Items listed in a dataset
============

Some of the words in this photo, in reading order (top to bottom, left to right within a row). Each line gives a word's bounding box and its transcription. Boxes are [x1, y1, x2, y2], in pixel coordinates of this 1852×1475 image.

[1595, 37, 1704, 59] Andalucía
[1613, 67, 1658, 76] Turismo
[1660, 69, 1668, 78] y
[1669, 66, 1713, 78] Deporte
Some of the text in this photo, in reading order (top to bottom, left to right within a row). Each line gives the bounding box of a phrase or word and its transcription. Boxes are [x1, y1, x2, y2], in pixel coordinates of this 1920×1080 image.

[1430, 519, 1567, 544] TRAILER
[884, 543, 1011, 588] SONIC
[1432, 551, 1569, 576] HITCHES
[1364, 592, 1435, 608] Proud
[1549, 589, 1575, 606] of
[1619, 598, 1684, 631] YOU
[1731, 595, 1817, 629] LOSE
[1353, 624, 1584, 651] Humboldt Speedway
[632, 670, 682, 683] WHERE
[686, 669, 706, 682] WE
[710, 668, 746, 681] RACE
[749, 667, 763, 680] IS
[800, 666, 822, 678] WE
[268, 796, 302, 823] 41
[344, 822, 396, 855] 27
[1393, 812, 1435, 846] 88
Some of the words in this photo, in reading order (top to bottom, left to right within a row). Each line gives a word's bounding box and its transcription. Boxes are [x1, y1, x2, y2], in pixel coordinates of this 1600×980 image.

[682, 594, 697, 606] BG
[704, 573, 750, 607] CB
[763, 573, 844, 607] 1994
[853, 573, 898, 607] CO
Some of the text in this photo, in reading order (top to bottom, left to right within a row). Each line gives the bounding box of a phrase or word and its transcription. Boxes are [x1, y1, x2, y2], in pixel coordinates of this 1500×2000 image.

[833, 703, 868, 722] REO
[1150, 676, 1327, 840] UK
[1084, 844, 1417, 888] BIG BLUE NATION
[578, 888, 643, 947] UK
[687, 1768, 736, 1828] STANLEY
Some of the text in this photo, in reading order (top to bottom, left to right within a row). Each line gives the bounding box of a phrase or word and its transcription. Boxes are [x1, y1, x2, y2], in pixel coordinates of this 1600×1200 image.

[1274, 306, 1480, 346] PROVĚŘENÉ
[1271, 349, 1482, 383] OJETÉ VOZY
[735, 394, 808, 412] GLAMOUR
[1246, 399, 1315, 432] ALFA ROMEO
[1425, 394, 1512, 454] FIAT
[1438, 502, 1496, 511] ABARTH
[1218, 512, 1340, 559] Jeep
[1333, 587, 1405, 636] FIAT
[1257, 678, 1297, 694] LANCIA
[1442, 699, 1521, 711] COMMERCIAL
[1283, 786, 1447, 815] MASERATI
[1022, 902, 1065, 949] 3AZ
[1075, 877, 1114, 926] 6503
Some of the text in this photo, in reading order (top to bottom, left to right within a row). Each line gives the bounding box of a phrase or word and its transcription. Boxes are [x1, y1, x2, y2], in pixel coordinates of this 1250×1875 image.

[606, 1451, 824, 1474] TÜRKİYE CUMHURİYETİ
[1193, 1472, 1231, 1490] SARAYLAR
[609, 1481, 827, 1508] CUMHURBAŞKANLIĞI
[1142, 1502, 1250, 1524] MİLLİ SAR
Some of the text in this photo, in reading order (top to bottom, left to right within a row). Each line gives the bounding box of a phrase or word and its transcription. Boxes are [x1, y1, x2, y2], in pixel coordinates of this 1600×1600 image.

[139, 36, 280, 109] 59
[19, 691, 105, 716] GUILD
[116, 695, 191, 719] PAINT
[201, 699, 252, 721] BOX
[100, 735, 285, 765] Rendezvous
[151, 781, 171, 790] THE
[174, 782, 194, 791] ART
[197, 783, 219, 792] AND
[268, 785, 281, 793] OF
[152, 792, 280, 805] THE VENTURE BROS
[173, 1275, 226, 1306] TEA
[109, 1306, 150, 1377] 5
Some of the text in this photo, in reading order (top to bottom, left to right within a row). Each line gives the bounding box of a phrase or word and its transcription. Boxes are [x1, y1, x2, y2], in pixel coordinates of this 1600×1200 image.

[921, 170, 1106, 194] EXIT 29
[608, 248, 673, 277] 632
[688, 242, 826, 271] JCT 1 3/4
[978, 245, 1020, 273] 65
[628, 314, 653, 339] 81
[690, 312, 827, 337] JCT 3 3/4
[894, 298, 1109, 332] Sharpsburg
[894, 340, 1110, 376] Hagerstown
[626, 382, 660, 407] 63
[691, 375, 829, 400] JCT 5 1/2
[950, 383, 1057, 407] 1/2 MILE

============

*Your assignment*. Output the data in full, precisely as it appears above.

*Output for this task*.
Some of the words in this photo, in reading order (top to bottom, left to right within a row). Each line gives a word's bounding box and its transcription. Boxes are [x1, y1, x2, y2], in pixel coordinates of this 1852×1475 image.

[1595, 37, 1704, 59] Andalucía
[1613, 67, 1658, 76] Turismo
[1660, 69, 1668, 78] y
[1669, 66, 1713, 78] Deporte
Some of the text in this photo, in reading order (top to bottom, left to right within a row). Each line gives the bounding box of a phrase or word and its transcription. Boxes are [x1, y1, x2, y2], in pixel coordinates of this 1920×1080 image.

[1430, 519, 1567, 544] TRAILER
[884, 543, 1011, 588] SONIC
[1432, 551, 1569, 576] HITCHES
[1364, 592, 1435, 608] Proud
[1549, 589, 1575, 606] of
[1619, 598, 1684, 631] YOU
[1731, 595, 1817, 629] LOSE
[1353, 624, 1584, 651] Humboldt Speedway
[632, 670, 682, 683] WHERE
[686, 669, 706, 682] WE
[710, 668, 746, 681] RACE
[749, 667, 763, 680] IS
[800, 666, 822, 678] WE
[268, 796, 302, 823] 41
[344, 822, 396, 855] 27
[1393, 812, 1435, 846] 88
Some of the words in this photo, in reading order (top to bottom, left to right within a row). Each line gives a word's bounding box and its transcription. Boxes are [x1, y1, x2, y2], in pixel coordinates of this 1600×980 image.

[682, 594, 697, 606] BG
[704, 573, 750, 607] CB
[763, 573, 844, 607] 1994
[853, 573, 898, 607] CO
Some of the text in this photo, in reading order (top to bottom, left to right within a row). Each line gives the bounding box of a phrase or word and its transcription. Boxes are [x1, y1, x2, y2], in pixel coordinates of this 1500×2000 image.

[833, 703, 868, 722] REO
[1150, 676, 1327, 840] UK
[1084, 844, 1417, 888] BIG BLUE NATION
[578, 888, 643, 947] UK
[687, 1768, 736, 1828] STANLEY
Some of the text in this photo, in reading order (top to bottom, left to right within a row). Each line gives the bounding box of a phrase or word and its transcription. Boxes are [x1, y1, x2, y2], in pixel coordinates of this 1600×1200 image.

[1274, 306, 1480, 346] PROVĚŘENÉ
[1271, 349, 1482, 383] OJETÉ VOZY
[735, 394, 808, 412] GLAMOUR
[1246, 399, 1315, 432] ALFA ROMEO
[1425, 394, 1512, 454] FIAT
[1438, 502, 1496, 511] ABARTH
[1218, 512, 1340, 559] Jeep
[1333, 587, 1405, 636] FIAT
[1257, 678, 1297, 694] LANCIA
[1442, 699, 1521, 711] COMMERCIAL
[1283, 786, 1447, 815] MASERATI
[1022, 902, 1065, 949] 3AZ
[1075, 877, 1114, 926] 6503
Some of the text in this photo, in reading order (top to bottom, left to right within a row). Each line gives the bounding box of a phrase or word and its transcription. Boxes are [x1, y1, x2, y2], in pixel coordinates of this 1250×1875 image.

[606, 1451, 824, 1474] TÜRKİYE CUMHURİYETİ
[1193, 1472, 1231, 1490] SARAYLAR
[609, 1481, 827, 1508] CUMHURBAŞKANLIĞI
[1142, 1502, 1250, 1524] MİLLİ SAR
Some of the text in this photo, in reading order (top to bottom, left to right within a row). Each line gives the bounding box of a phrase or word and its transcription. Boxes are [x1, y1, x2, y2], in pixel coordinates of this 1600×1600 image.

[139, 36, 280, 109] 59
[19, 691, 105, 716] GUILD
[116, 695, 191, 719] PAINT
[201, 699, 252, 721] BOX
[100, 735, 285, 765] Rendezvous
[151, 781, 171, 790] THE
[174, 782, 194, 791] ART
[197, 783, 219, 792] AND
[268, 785, 281, 793] OF
[152, 792, 280, 805] THE VENTURE BROS
[173, 1275, 226, 1306] TEA
[109, 1306, 150, 1377] 5
Some of the text in this photo, in reading order (top to bottom, left to right within a row). Each line gives the bounding box of a phrase or word and its transcription. Boxes are [x1, y1, x2, y2], in pixel coordinates of this 1600×1200 image.

[921, 170, 1106, 194] EXIT 29
[608, 248, 673, 277] 632
[688, 242, 826, 271] JCT 1 3/4
[978, 245, 1020, 273] 65
[628, 314, 653, 339] 81
[690, 312, 827, 337] JCT 3 3/4
[894, 298, 1109, 332] Sharpsburg
[894, 340, 1110, 376] Hagerstown
[626, 382, 660, 407] 63
[691, 375, 829, 400] JCT 5 1/2
[950, 383, 1057, 407] 1/2 MILE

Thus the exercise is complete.